Embora irritada pelo seu egocentrismo evidente, Angel finalmente se sentiu relaxar com a situação. E ela tinha a leve impressão de que ele tinha feito a brincadeira com aquele propósito. Não que ele parecesse melhor aos olhos dela pela a ação. Claro que não.

— Daniel, chega disso, ok? Anda, saia logo da minha frente. Eu quero ir para casa.

— Angel, eu não vou sair. - Aquilo ele disse como se afirmasse um fato tão incontestável quanto à liquidez do mar.

Não vendo nenhum propósito em novamente lembrá-lo para não chamá-la pelo apelido uma vez que sempre ignorava e continuava chamando, ela apenas cruzou os braços. Tentou ser rápida e passar por ele, mas logo ele estava na frente dela outra vez. Permaneceram nessa por uns três minutos.

— Ah, mas que inferno! Será que você não entende quando alguém diz a palavra ‘não’? Você só pode estar de cisma para me irritar. Isso não é possível. É uma pegadinha, talvez? - Angelinne exclamou estressadíssima.

Ele sorriu. - Eu apenas não gosto de comer sozinho.

Ela revirou os olhos. - Isso não deve ser nenhum problema com aquele bando de meninas tolas que vivem atrás de você...

— Ciúmes?

— Não! - Ela ficou vermelha sem saber por que e culpou-o apenas por acionar sua raiva daquele jeito. - Arranje outra pessoa e me deixe passar!

— Mas eu quero você, Angel.

Pela segunda vez no dia, ele dizia algo que a deixava sem palavras. Angelinne sentiu um tremor estranho e também o interpretou como raiva. - Não podemos ter tudo na vida, não é mesmo? E você quer me irritar, é isso que você quer.

— Eu admito que tenha algumas vantagens em te ver irritada, a começar que você perde toda essa máscara de autocontrole. Mas não é isso que eu quero. Eu quero você, simples assim.

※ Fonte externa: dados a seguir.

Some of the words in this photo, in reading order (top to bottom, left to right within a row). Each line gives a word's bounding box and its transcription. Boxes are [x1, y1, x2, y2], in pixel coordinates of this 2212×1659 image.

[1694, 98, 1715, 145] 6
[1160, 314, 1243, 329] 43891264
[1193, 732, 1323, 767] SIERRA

— Isso é ridículo... - E ela deu passos para trás novamente, sentindo que ele estava querendo dizer muito mais com aquilo. Por fim, suspirou. – Vamos logo, quanto mais cedo eu for, mais cedo você me deixa em paz.

***

Eles foram à uma lanchonete próxima caminhando, por que Dan achou que ela se sentiria mais à vontade com pessoas em volta. Angel permaneceu em um teimoso silêncio e ele tinha que admitir que o biquinho que se formara em seus lábios era engraçado. Sabia melhor do que para comentar sobre aquilo, é claro.

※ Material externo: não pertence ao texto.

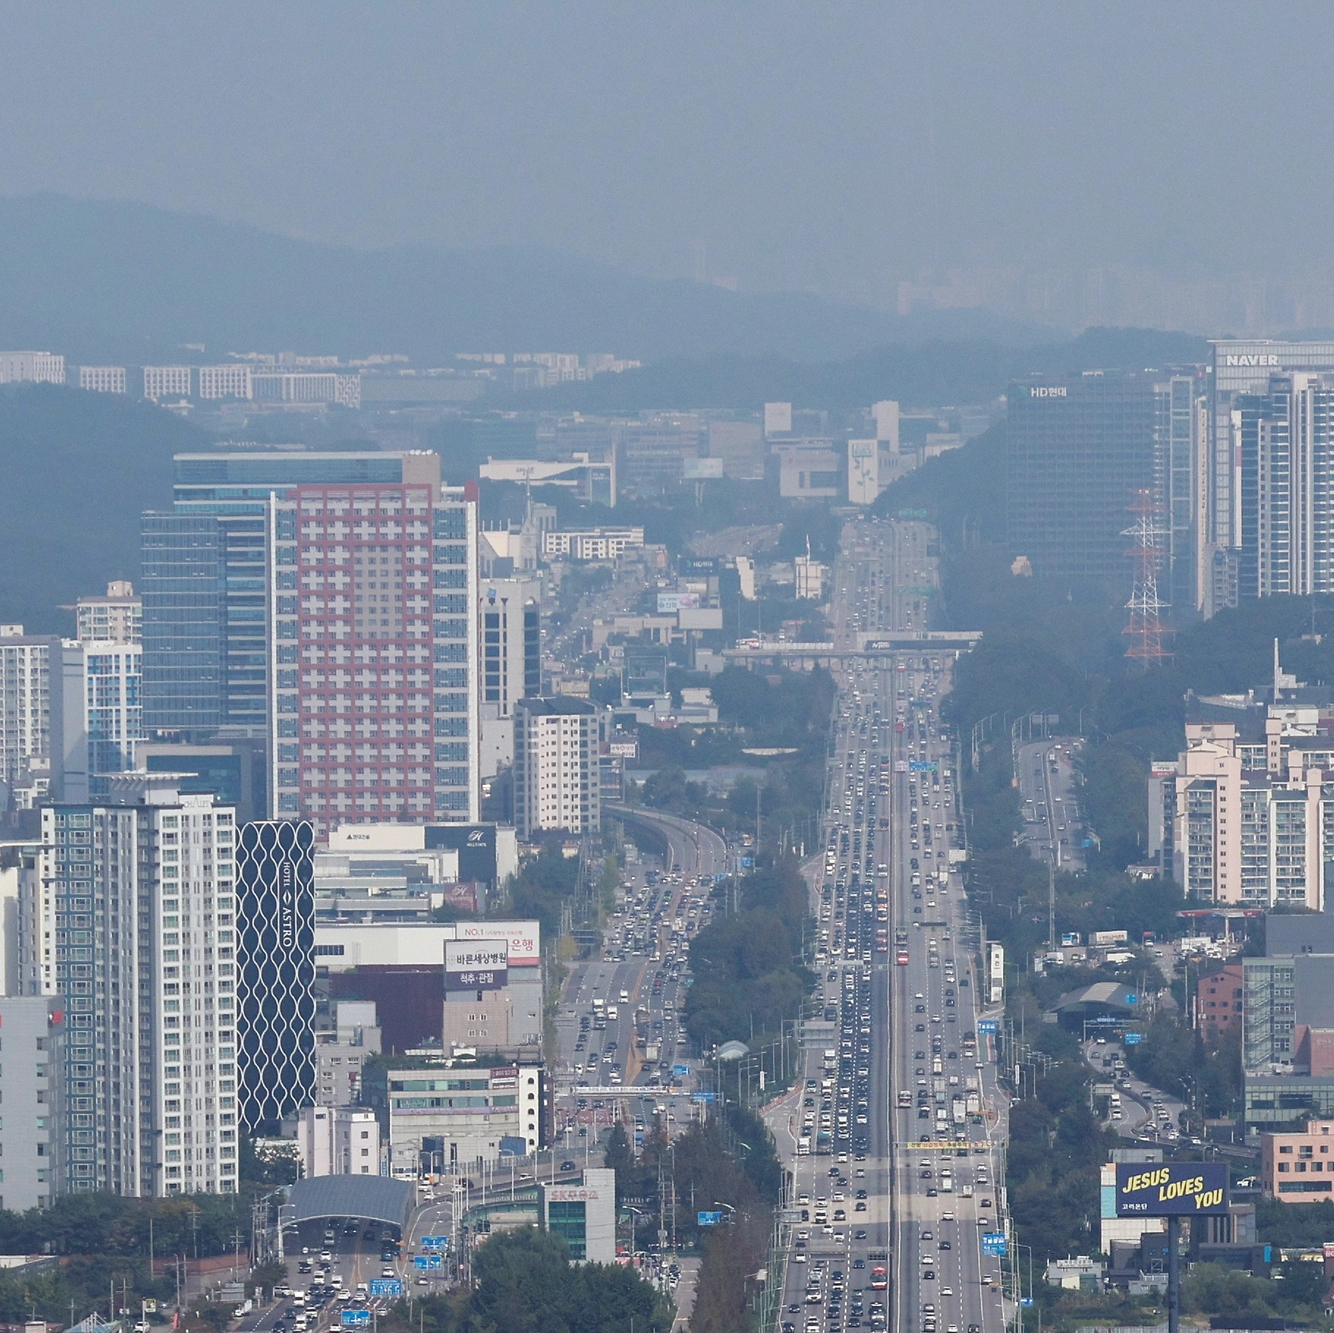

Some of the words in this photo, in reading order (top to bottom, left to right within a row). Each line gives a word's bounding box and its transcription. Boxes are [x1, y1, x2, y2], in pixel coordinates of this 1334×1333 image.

[1226, 355, 1278, 366] NAVER
[1031, 387, 1066, 397] HD현대
[283, 861, 292, 887] HOTEL
[282, 907, 293, 948] ASTRO
[456, 953, 507, 965] 바른세상병원
[1122, 1168, 1169, 1193] JESUS
[1159, 1176, 1203, 1202] LOVES
[552, 1190, 599, 1201] SK주유소
[1194, 1188, 1223, 1210] YOU

Eles ocuparam uma mesa no canto, e o tempo todo Dan segurava seu braço como se para evitar que ela tentasse escapar mesmo. Angelinne se sentou, apoiou os cotovelos sobre a mesa e continuou com o bico do tamanho do Grand Canyon.

— O que você quer, Angel? - Ele questionou e indicou um dos cardápios que estavam sobre a mesa.

— Ir embora.

Ele nem se incomodou em levantar os olhos, mas seus lábios se curvaram enquanto ele passava os olhos pelas opções. - Hum. Eu posso procurar, mas acho que eles não fazem isso aqui. Por acaso é comida chinesa?

Angelinne crispou os lábios. – Precisa trabalhar em suas piadas.

Ela pegou um dos cardápios contra a vontade, irritada e constrangida quando seu estômago fez sinais denunciando sua fome.

Daniel alargou o sorriso com aquilo e não disse nada, mas se divertiu com as bochechas rosadas de Angel. Ele decidiu o que iria comer, então esperou pacientemente enquanto ela escolhia para que pudesse ir pedir no balcão.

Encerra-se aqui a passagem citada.